Secondo Douglas McWilliams, la pandemia ha già fatto la prima vittima nell’ordine economico mondiale. Nell'ultimo mezzo secolo la globalizzazione si è basata fondamentalmente sull’arbitraggio del costo del lavoro e dei sistemi normativi. Semplificando, le multinazionali dei sistemi economici ad alto costo e altamente regolamentati dell'Occidente hanno delocalizzato parte delle produzioni a Oriente, per massimizzare i vantaggi derivanti da costi di produzione più bassi e regolamentazione più permissiva. Asserisce il Presidente del Cebr (Centre for Economic and Business Research) che la festa è finita. “La lezione per l’economia dalla crisi Coronavirus è che le lunghe e inflessibili supply chains che serpeggiano per mezzo mondo comportano ora rischi ingestibili per la sicurezza delle operazioni produttive”. Di conseguenza, è presumibile che il brusco risveglio a questo fatto della vita incoraggerà l'onshoring.

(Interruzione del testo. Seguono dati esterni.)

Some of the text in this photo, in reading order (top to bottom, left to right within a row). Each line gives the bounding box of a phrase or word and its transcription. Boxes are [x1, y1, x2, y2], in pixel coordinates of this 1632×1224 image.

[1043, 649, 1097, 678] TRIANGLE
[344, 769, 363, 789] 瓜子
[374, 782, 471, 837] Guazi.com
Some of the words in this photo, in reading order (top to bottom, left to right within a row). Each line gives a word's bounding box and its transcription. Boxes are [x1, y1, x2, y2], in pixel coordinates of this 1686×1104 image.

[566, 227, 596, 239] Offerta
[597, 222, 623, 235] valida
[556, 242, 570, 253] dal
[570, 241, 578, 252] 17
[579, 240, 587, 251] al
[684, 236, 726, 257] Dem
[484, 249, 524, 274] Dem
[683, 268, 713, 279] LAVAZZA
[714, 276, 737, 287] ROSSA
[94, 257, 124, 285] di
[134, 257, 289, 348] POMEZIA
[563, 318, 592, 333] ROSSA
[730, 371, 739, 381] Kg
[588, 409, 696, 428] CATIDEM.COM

E’ però improbabile che il bambino della globalizzazione venga buttato via con l'acqua sporca del coronavirus. Le evidenze indicano che è già in via di formazione una nuova forma di globalizzazione, basata sulla tradizionale teoria della specializzazione e del vantaggio comparativo. Per il Regno Unito, già nel 2015, lo stesso McWilliams teorizzava in un saggio divenuto un best-seller, il ruolo della Flat White Economy, un mix tra i settori tecnologici e creativi che ha già formato il più produttivo cluster economico in UK, alimentando i servizi finanziari -- con il fintech -- e il manifatturiero avanzato -- con I.A. e robotica.

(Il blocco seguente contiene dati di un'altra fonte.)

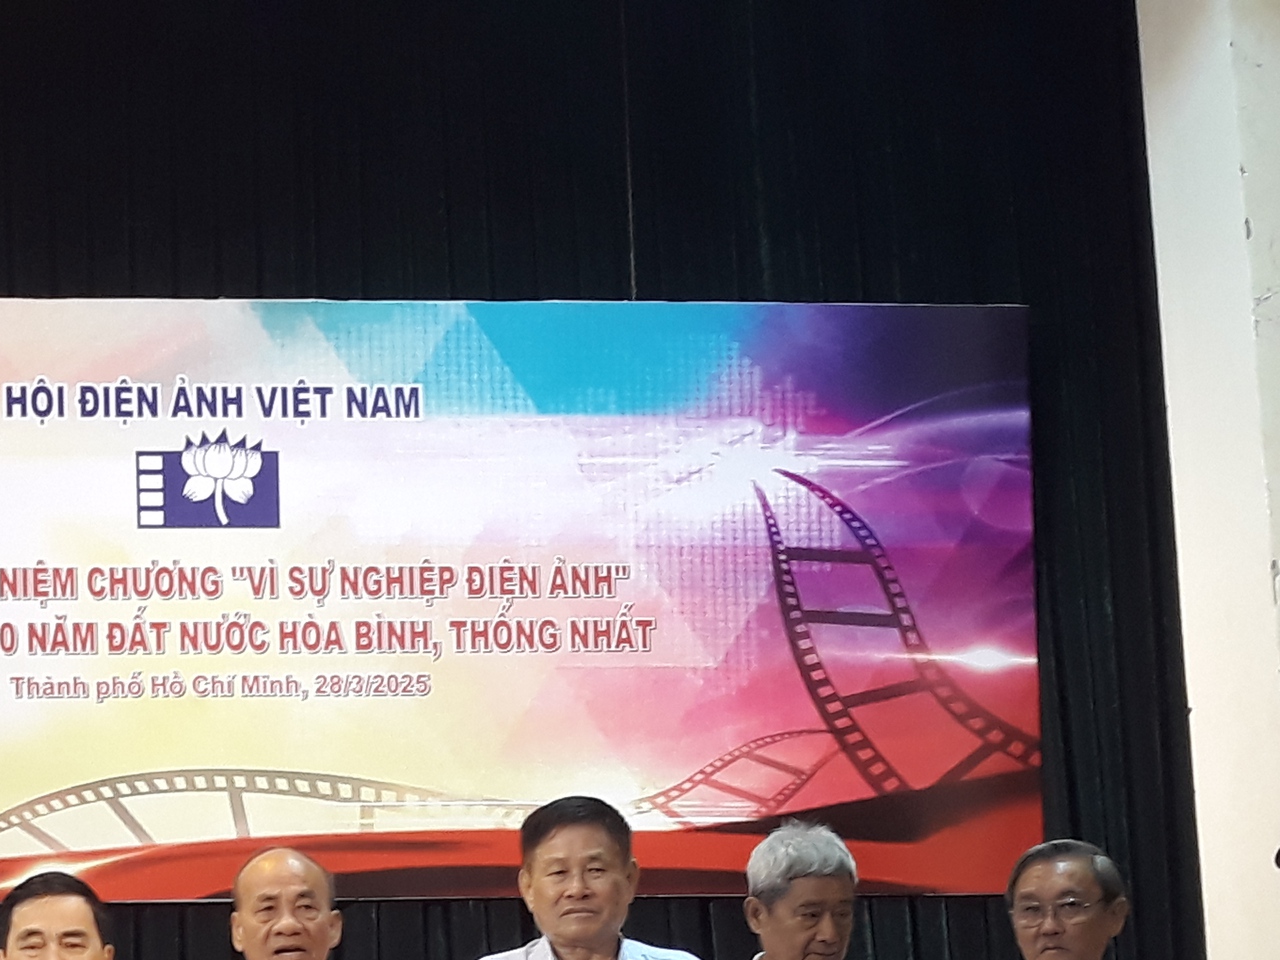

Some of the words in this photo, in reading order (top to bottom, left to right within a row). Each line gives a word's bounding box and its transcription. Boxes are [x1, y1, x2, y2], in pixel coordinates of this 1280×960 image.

[6, 378, 64, 425] HỘI
[78, 378, 158, 425] ĐIỆN
[171, 377, 243, 418] ẢNH
[255, 379, 333, 425] VIỆT
[346, 386, 421, 418] NAM
[87, 559, 223, 600] CHƯƠNG
[231, 558, 279, 600] "VÌ
[287, 557, 334, 607] SỰ
[339, 557, 458, 606] NGHIỆP
[465, 556, 541, 605] ĐIỆN
[547, 556, 630, 599] ẢNH"
[27, 614, 99, 656] NĂM
[106, 605, 171, 655] ĐẤT
[179, 611, 270, 655] NƯỚC
[278, 613, 348, 653] HÒA
[355, 613, 442, 662] BÌNH,
[449, 601, 561, 653] THỐNG
[569, 602, 657, 653] NHẤT
[9, 676, 89, 699] Thành
[96, 671, 145, 704] phố
[151, 671, 186, 698] Hồ
[192, 674, 237, 697] Chí
[314, 674, 431, 697] 28/3/2025

Ma l’economia è solo parte della crisi. Come nota Corrado de Rinaldis Saponaro “il coronavirus sta avviandosi a segnare una nuova Yalta”. Il segretario repubblicano ritiene che “alla fine della pandemia il mondo si sarà dato un nuovo ordine geopolitico”.
Secondo James Sproule, la seconda vittima della pandemia è infatti la Cina. L’economista interpreta la crisi di Covid-19 come un “momento Chernobyl”, che mina la credibilità della leadership politica di fronte ad un tentativo d’insabbiamento della verità. Mikhail Gorbacev fa risalire le crepe iniziali dell’Unione sovietica alla cattiva gestione dell’incidente al reattore nucleare ucraino del 1986. La dittatura comunista può anche mantenere il controllo sul dissenso interno. Ma, avverte Sproule, che ha servito come Senior Adviser del Primo Ministro, “questa crisi è un catalizzatore per gran parte del resto del mondo per guardare oltre i vantaggi a breve termine nel decidere chi coinvolgere nelle loro filiere di approvvigionamento strategiche”. A febbraio Boris Johnson ha fronteggiato un’offensiva nel partito contro il coinvolgimento di Huawei nella costruzione della rete 5G britannica. Data l’emergenza sanitaria, la questione è stata messa in frigorifero. Ma quando verrà riconsiderata, le possibilità di andare avanti con i cinesi sono quasi nulle. E tali decisioni non saranno limitate al Regno Unito.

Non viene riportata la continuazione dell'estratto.